- Records:

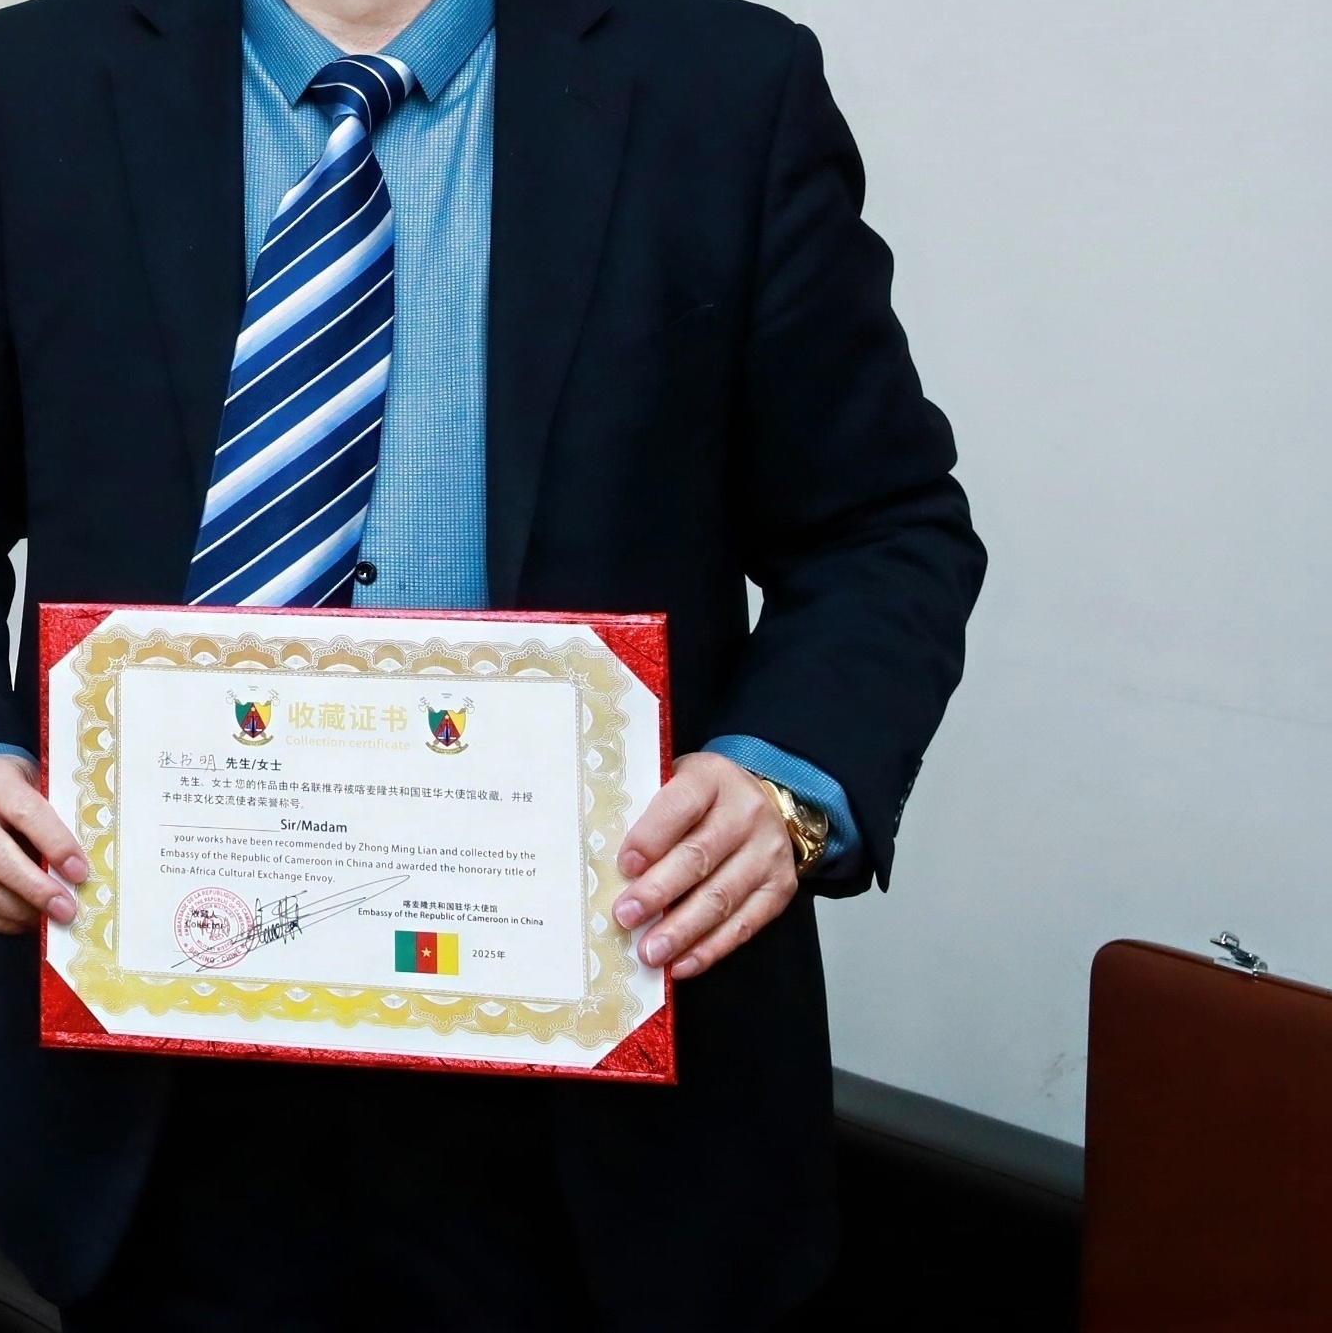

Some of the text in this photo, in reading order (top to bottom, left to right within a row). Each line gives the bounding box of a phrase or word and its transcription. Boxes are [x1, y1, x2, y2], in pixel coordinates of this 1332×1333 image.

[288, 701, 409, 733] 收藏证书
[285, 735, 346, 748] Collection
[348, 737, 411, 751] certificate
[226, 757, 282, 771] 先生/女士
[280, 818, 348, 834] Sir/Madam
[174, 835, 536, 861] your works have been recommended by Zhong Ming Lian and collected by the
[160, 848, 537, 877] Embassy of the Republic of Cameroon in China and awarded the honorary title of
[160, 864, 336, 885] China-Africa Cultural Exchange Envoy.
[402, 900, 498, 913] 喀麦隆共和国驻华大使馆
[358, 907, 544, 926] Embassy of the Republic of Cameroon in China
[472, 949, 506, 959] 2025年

- To do:
When a line carries an image, skip the image and repeat everything else above exactly as written.

- Solution to the problem:
Some of the text in this photo, in reading order (top to bottom, left to right within a row). Each line gives the bounding box of a phrase or word and its transcription. Boxes are [x1, y1, x2, y2], in pixel coordinates of this 1332×1333 image.

[288, 701, 409, 733] 收藏证书
[285, 735, 346, 748] Collection
[348, 737, 411, 751] certificate
[226, 757, 282, 771] 先生/女士
[280, 818, 348, 834] Sir/Madam
[174, 835, 536, 861] your works have been recommended by Zhong Ming Lian and collected by the
[160, 848, 537, 877] Embassy of the Republic of Cameroon in China and awarded the honorary title of
[160, 864, 336, 885] China-Africa Cultural Exchange Envoy.
[402, 900, 498, 913] 喀麦隆共和国驻华大使馆
[358, 907, 544, 926] Embassy of the Republic of Cameroon in China
[472, 949, 506, 959] 2025年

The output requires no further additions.